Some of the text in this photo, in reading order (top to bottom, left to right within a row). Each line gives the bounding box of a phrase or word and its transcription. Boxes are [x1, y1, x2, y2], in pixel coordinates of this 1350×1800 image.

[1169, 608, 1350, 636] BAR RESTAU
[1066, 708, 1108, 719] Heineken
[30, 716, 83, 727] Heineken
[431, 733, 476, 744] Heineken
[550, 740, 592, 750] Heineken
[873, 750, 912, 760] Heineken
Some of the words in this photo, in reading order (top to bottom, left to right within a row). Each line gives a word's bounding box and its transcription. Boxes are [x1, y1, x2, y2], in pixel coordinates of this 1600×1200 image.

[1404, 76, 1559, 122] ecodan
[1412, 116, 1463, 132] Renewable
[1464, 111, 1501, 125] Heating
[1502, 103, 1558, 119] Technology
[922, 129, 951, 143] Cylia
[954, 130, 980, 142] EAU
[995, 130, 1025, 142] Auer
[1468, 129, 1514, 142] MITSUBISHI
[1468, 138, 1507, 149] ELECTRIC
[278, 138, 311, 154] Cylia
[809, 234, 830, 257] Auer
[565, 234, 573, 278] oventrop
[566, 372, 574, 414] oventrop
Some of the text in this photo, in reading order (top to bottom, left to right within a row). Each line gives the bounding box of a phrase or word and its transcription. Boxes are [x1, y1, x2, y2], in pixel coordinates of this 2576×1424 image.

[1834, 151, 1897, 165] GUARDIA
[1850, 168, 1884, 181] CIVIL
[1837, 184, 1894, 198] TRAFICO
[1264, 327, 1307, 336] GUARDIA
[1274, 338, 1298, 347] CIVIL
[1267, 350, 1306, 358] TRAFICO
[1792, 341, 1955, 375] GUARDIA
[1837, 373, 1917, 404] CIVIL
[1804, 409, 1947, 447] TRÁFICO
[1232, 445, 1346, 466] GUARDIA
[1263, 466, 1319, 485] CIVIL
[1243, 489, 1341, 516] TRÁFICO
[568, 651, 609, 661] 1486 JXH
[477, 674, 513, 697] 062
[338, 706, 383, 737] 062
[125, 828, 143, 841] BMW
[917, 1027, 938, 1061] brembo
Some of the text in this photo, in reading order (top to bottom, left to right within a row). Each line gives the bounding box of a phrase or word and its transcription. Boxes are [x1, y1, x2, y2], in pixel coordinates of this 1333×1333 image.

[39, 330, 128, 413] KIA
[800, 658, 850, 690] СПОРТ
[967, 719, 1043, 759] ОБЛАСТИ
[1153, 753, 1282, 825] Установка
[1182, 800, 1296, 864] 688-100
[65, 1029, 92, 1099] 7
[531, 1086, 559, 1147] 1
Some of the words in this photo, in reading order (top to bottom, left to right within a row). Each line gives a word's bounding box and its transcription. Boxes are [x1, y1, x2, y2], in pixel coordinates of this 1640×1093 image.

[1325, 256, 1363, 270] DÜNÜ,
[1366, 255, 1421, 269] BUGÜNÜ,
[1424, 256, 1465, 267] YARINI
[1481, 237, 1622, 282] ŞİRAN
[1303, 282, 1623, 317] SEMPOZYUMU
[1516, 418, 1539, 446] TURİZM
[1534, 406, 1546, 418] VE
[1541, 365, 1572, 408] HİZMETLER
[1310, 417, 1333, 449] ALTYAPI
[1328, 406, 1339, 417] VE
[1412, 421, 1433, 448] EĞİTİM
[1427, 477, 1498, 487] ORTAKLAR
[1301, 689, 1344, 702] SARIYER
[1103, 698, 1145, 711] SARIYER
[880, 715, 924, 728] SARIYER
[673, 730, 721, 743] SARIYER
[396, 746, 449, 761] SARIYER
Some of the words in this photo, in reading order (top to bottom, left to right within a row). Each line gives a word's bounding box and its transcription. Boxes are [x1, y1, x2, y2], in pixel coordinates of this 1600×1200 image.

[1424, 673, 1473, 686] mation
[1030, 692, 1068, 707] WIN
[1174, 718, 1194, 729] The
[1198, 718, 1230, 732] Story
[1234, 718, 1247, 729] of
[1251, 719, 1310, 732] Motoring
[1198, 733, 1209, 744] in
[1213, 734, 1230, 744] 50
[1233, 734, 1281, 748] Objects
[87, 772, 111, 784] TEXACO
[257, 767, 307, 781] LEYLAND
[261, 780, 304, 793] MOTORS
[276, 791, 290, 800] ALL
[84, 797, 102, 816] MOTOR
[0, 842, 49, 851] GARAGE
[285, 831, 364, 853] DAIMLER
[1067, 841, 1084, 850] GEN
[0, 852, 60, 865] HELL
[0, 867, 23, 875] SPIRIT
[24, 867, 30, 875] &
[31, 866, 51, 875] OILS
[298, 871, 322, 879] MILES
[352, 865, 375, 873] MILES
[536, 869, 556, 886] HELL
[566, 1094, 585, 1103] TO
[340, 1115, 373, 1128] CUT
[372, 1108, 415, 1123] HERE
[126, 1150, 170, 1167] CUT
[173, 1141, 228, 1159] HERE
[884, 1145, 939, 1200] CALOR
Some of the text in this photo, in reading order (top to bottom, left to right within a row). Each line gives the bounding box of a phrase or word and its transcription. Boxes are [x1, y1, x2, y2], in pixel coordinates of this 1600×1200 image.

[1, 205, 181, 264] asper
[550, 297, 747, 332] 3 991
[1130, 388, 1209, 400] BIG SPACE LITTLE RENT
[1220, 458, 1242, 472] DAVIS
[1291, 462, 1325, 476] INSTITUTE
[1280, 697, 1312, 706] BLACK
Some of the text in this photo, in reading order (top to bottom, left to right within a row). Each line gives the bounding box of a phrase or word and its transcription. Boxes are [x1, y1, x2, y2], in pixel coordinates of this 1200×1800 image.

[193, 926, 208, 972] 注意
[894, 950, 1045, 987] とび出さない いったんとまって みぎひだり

__Exercise directions__. Set down all of the records shown above once more, exactly.

__Reply__.
Some of the text in this photo, in reading order (top to bottom, left to right within a row). Each line gives the bounding box of a phrase or word and its transcription. Boxes are [x1, y1, x2, y2], in pixel coordinates of this 1350×1800 image.

[1169, 608, 1350, 636] BAR RESTAU
[1066, 708, 1108, 719] Heineken
[30, 716, 83, 727] Heineken
[431, 733, 476, 744] Heineken
[550, 740, 592, 750] Heineken
[873, 750, 912, 760] Heineken
Some of the words in this photo, in reading order (top to bottom, left to right within a row). Each line gives a word's bounding box and its transcription. Boxes are [x1, y1, x2, y2], in pixel coordinates of this 1600×1200 image.

[1404, 76, 1559, 122] ecodan
[1412, 116, 1463, 132] Renewable
[1464, 111, 1501, 125] Heating
[1502, 103, 1558, 119] Technology
[922, 129, 951, 143] Cylia
[954, 130, 980, 142] EAU
[995, 130, 1025, 142] Auer
[1468, 129, 1514, 142] MITSUBISHI
[1468, 138, 1507, 149] ELECTRIC
[278, 138, 311, 154] Cylia
[809, 234, 830, 257] Auer
[565, 234, 573, 278] oventrop
[566, 372, 574, 414] oventrop
Some of the text in this photo, in reading order (top to bottom, left to right within a row). Each line gives the bounding box of a phrase or word and its transcription. Boxes are [x1, y1, x2, y2], in pixel coordinates of this 2576×1424 image.

[1834, 151, 1897, 165] GUARDIA
[1850, 168, 1884, 181] CIVIL
[1837, 184, 1894, 198] TRAFICO
[1264, 327, 1307, 336] GUARDIA
[1274, 338, 1298, 347] CIVIL
[1267, 350, 1306, 358] TRAFICO
[1792, 341, 1955, 375] GUARDIA
[1837, 373, 1917, 404] CIVIL
[1804, 409, 1947, 447] TRÁFICO
[1232, 445, 1346, 466] GUARDIA
[1263, 466, 1319, 485] CIVIL
[1243, 489, 1341, 516] TRÁFICO
[568, 651, 609, 661] 1486 JXH
[477, 674, 513, 697] 062
[338, 706, 383, 737] 062
[125, 828, 143, 841] BMW
[917, 1027, 938, 1061] brembo
Some of the text in this photo, in reading order (top to bottom, left to right within a row). Each line gives the bounding box of a phrase or word and its transcription. Boxes are [x1, y1, x2, y2], in pixel coordinates of this 1333×1333 image.

[39, 330, 128, 413] KIA
[800, 658, 850, 690] СПОРТ
[967, 719, 1043, 759] ОБЛАСТИ
[1153, 753, 1282, 825] Установка
[1182, 800, 1296, 864] 688-100
[65, 1029, 92, 1099] 7
[531, 1086, 559, 1147] 1
Some of the words in this photo, in reading order (top to bottom, left to right within a row). Each line gives a word's bounding box and its transcription. Boxes are [x1, y1, x2, y2], in pixel coordinates of this 1640×1093 image.

[1325, 256, 1363, 270] DÜNÜ,
[1366, 255, 1421, 269] BUGÜNÜ,
[1424, 256, 1465, 267] YARINI
[1481, 237, 1622, 282] ŞİRAN
[1303, 282, 1623, 317] SEMPOZYUMU
[1516, 418, 1539, 446] TURİZM
[1534, 406, 1546, 418] VE
[1541, 365, 1572, 408] HİZMETLER
[1310, 417, 1333, 449] ALTYAPI
[1328, 406, 1339, 417] VE
[1412, 421, 1433, 448] EĞİTİM
[1427, 477, 1498, 487] ORTAKLAR
[1301, 689, 1344, 702] SARIYER
[1103, 698, 1145, 711] SARIYER
[880, 715, 924, 728] SARIYER
[673, 730, 721, 743] SARIYER
[396, 746, 449, 761] SARIYER
Some of the words in this photo, in reading order (top to bottom, left to right within a row). Each line gives a word's bounding box and its transcription. Boxes are [x1, y1, x2, y2], in pixel coordinates of this 1600×1200 image.

[1424, 673, 1473, 686] mation
[1030, 692, 1068, 707] WIN
[1174, 718, 1194, 729] The
[1198, 718, 1230, 732] Story
[1234, 718, 1247, 729] of
[1251, 719, 1310, 732] Motoring
[1198, 733, 1209, 744] in
[1213, 734, 1230, 744] 50
[1233, 734, 1281, 748] Objects
[87, 772, 111, 784] TEXACO
[257, 767, 307, 781] LEYLAND
[261, 780, 304, 793] MOTORS
[276, 791, 290, 800] ALL
[84, 797, 102, 816] MOTOR
[0, 842, 49, 851] GARAGE
[285, 831, 364, 853] DAIMLER
[1067, 841, 1084, 850] GEN
[0, 852, 60, 865] HELL
[0, 867, 23, 875] SPIRIT
[24, 867, 30, 875] &
[31, 866, 51, 875] OILS
[298, 871, 322, 879] MILES
[352, 865, 375, 873] MILES
[536, 869, 556, 886] HELL
[566, 1094, 585, 1103] TO
[340, 1115, 373, 1128] CUT
[372, 1108, 415, 1123] HERE
[126, 1150, 170, 1167] CUT
[173, 1141, 228, 1159] HERE
[884, 1145, 939, 1200] CALOR
Some of the text in this photo, in reading order (top to bottom, left to right within a row). Each line gives the bounding box of a phrase or word and its transcription. Boxes are [x1, y1, x2, y2], in pixel coordinates of this 1600×1200 image.

[1, 205, 181, 264] asper
[550, 297, 747, 332] 3 991
[1130, 388, 1209, 400] BIG SPACE LITTLE RENT
[1220, 458, 1242, 472] DAVIS
[1291, 462, 1325, 476] INSTITUTE
[1280, 697, 1312, 706] BLACK
Some of the text in this photo, in reading order (top to bottom, left to right within a row). Each line gives the bounding box of a phrase or word and its transcription. Boxes are [x1, y1, x2, y2], in pixel coordinates of this 1200×1800 image.

[193, 926, 208, 972] 注意
[894, 950, 1045, 987] とび出さない いったんとまって みぎひだり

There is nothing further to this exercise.